When it comes to jewelry, Tina’s not a diamond person, unless of course “it is a really big one. I hate those little cluster things.” Precious metals appeal, and she has purchased a number of the expensive interlocking Russian wedding bands from Cartier.
Tina claims she has always had expensive tastes, but her current possession obsession seems to be a catch-up reaction to her days with Ike when she had no control of her own money. She’s magnanimous, too. Ike’s been peddling their old tapes to capitalize on his ex’s golden skirttails. “I don’t begrudge Ike nothing,” says Tina. “He is a talented musician. I wish he could get something together.”

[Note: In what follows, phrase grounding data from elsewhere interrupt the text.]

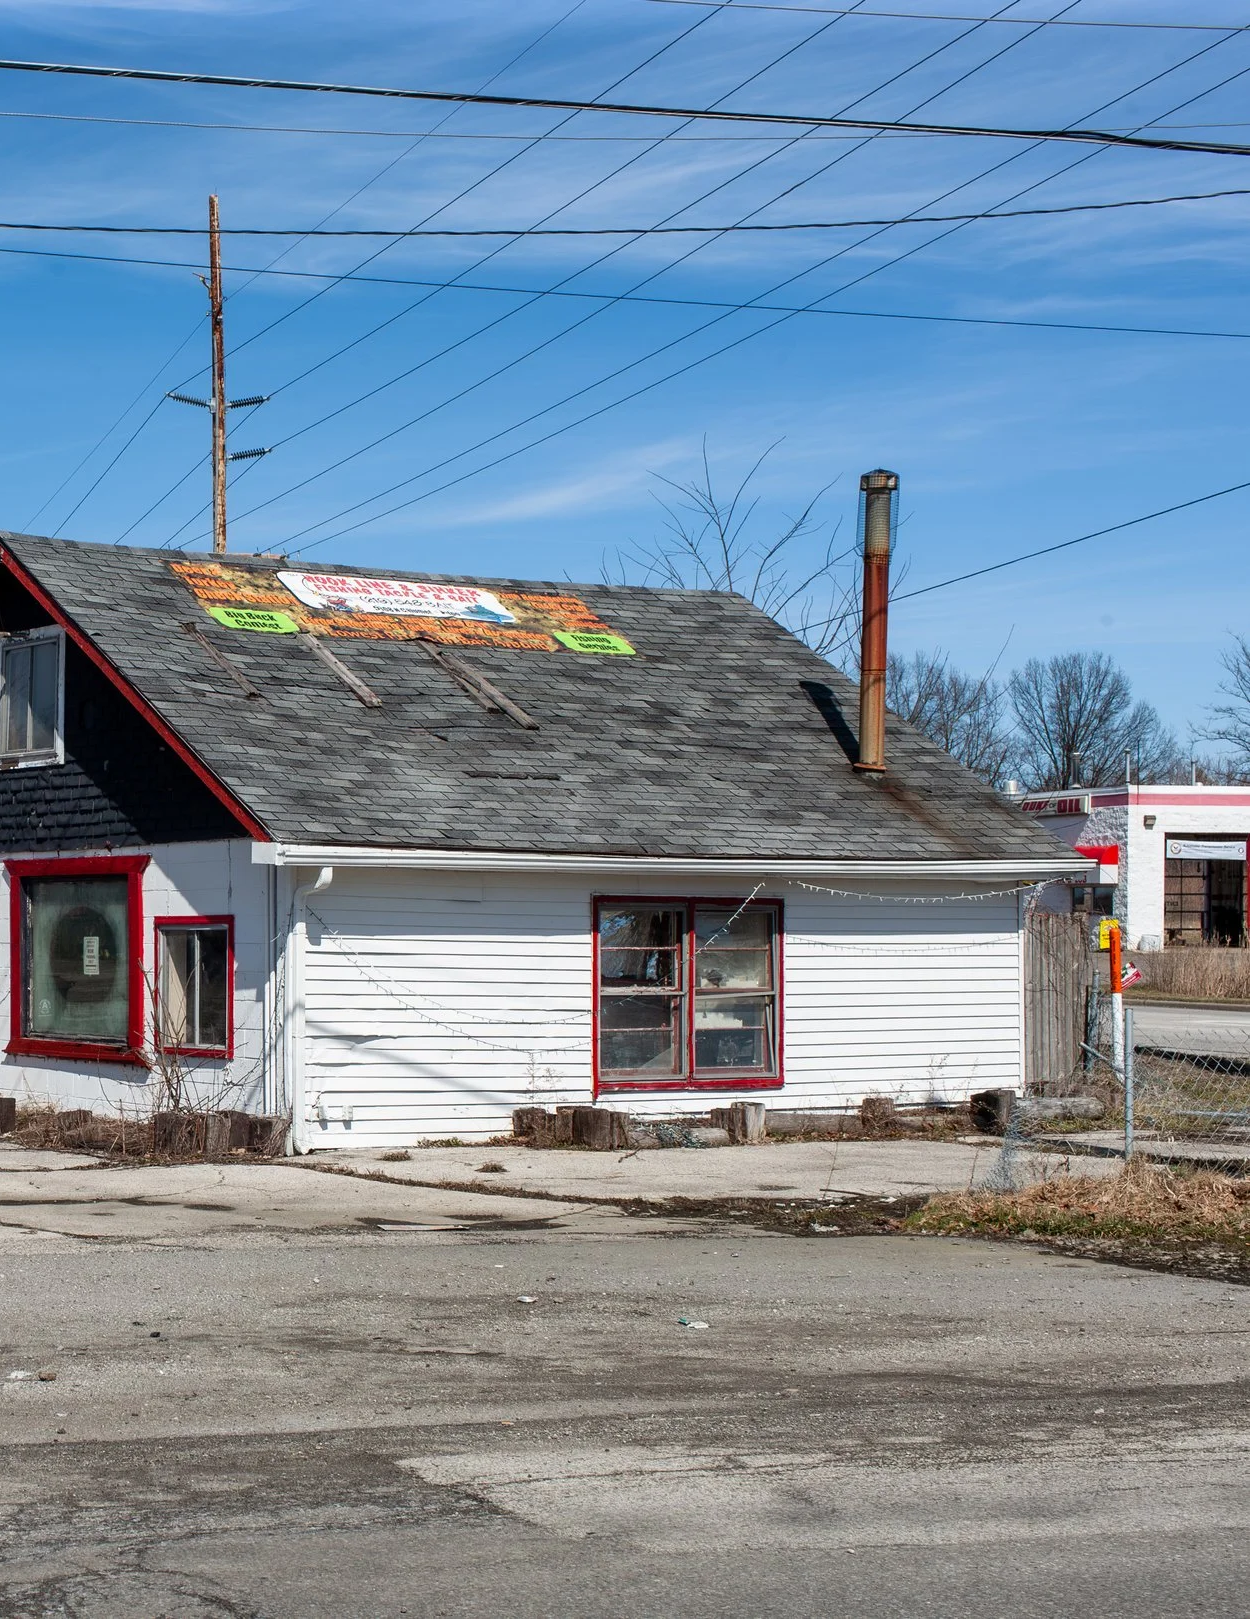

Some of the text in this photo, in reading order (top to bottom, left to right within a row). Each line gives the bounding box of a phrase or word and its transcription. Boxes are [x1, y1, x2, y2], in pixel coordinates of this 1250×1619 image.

[304, 575, 481, 597] HOOK LINE & SINKER
[313, 584, 373, 595] FISHING
[377, 589, 429, 600] TACKLE
[448, 594, 479, 603] BAIT
[224, 610, 277, 621] Big Buck
[234, 619, 283, 630] Contest
[570, 635, 611, 644] Fishing
[1057, 798, 1081, 813] OIL
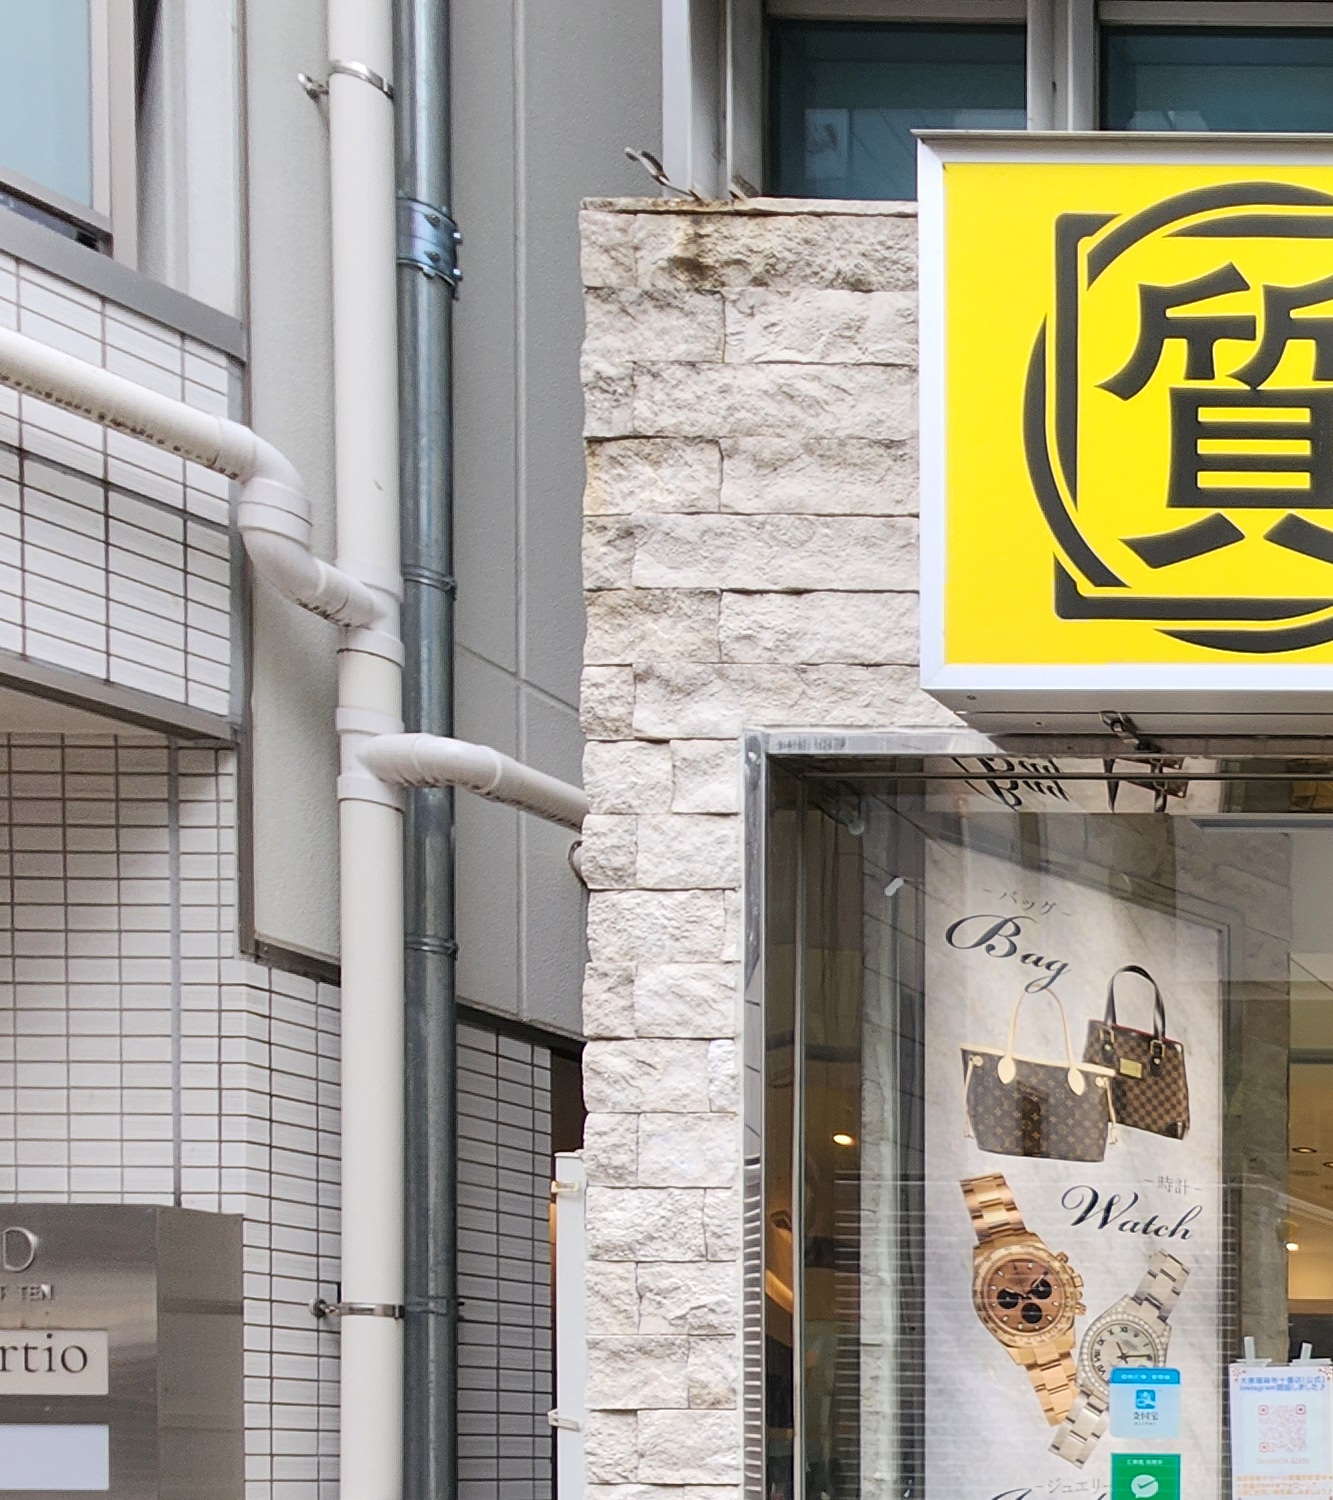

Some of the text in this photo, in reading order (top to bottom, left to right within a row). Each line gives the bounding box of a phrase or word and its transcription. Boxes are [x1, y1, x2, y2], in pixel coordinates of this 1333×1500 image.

It took her years to do the same. Now settling the last of her liabilities, she is truly financially independent. “My dream is to get the American Express Gold Card,” she says. “Now I borrow other people’s—the chauffeur, my manager, anyone. Don’t worry. I always pay them back.”
When she can’t shop, a favorite pastime is watching horror films. After a long day of interviews and glad-handing last month in London, she relaxed with friends by screening The Entity, a B-grade drama where actress Barbara Hershey is sexually assaulted by an invisible demon. Her advice was flawless, since she had seen the movie three times that week. “You better get out of there!” she shouted as the invisible creature was about to strike. If only Barbara Hershey had listened.
“What I like,” she explained, “is like the dead that’s really alive. People coming from outer space and how they look. I also love the Dracula movies. It excites me, the fear.” Her two all-time favorite films: The Exorcist and The Ten Commandments. Chew on that awhile, Sigmund.
Tina believes her future lies more onscreen than onstage. Always did. Back in Nutbush, when she was just little Anna Mae Bullock, a cotton sharecropper’s daughter, she liked to drag a bedspread out into the dusty backyard of her family’s tiny home. She’d lie on it, smiling and pretending to be a Hollywood star. “I don’t want to just be prancing around in some frilly dress singing a song, you know?” she said in London, leaping up on the couch and crouching like Charlton Heston in Ben Hur. “I want to drive one of those damn chariots. Yeow! That’s excitement! That’s the stuff I love.” Anna Mae lives.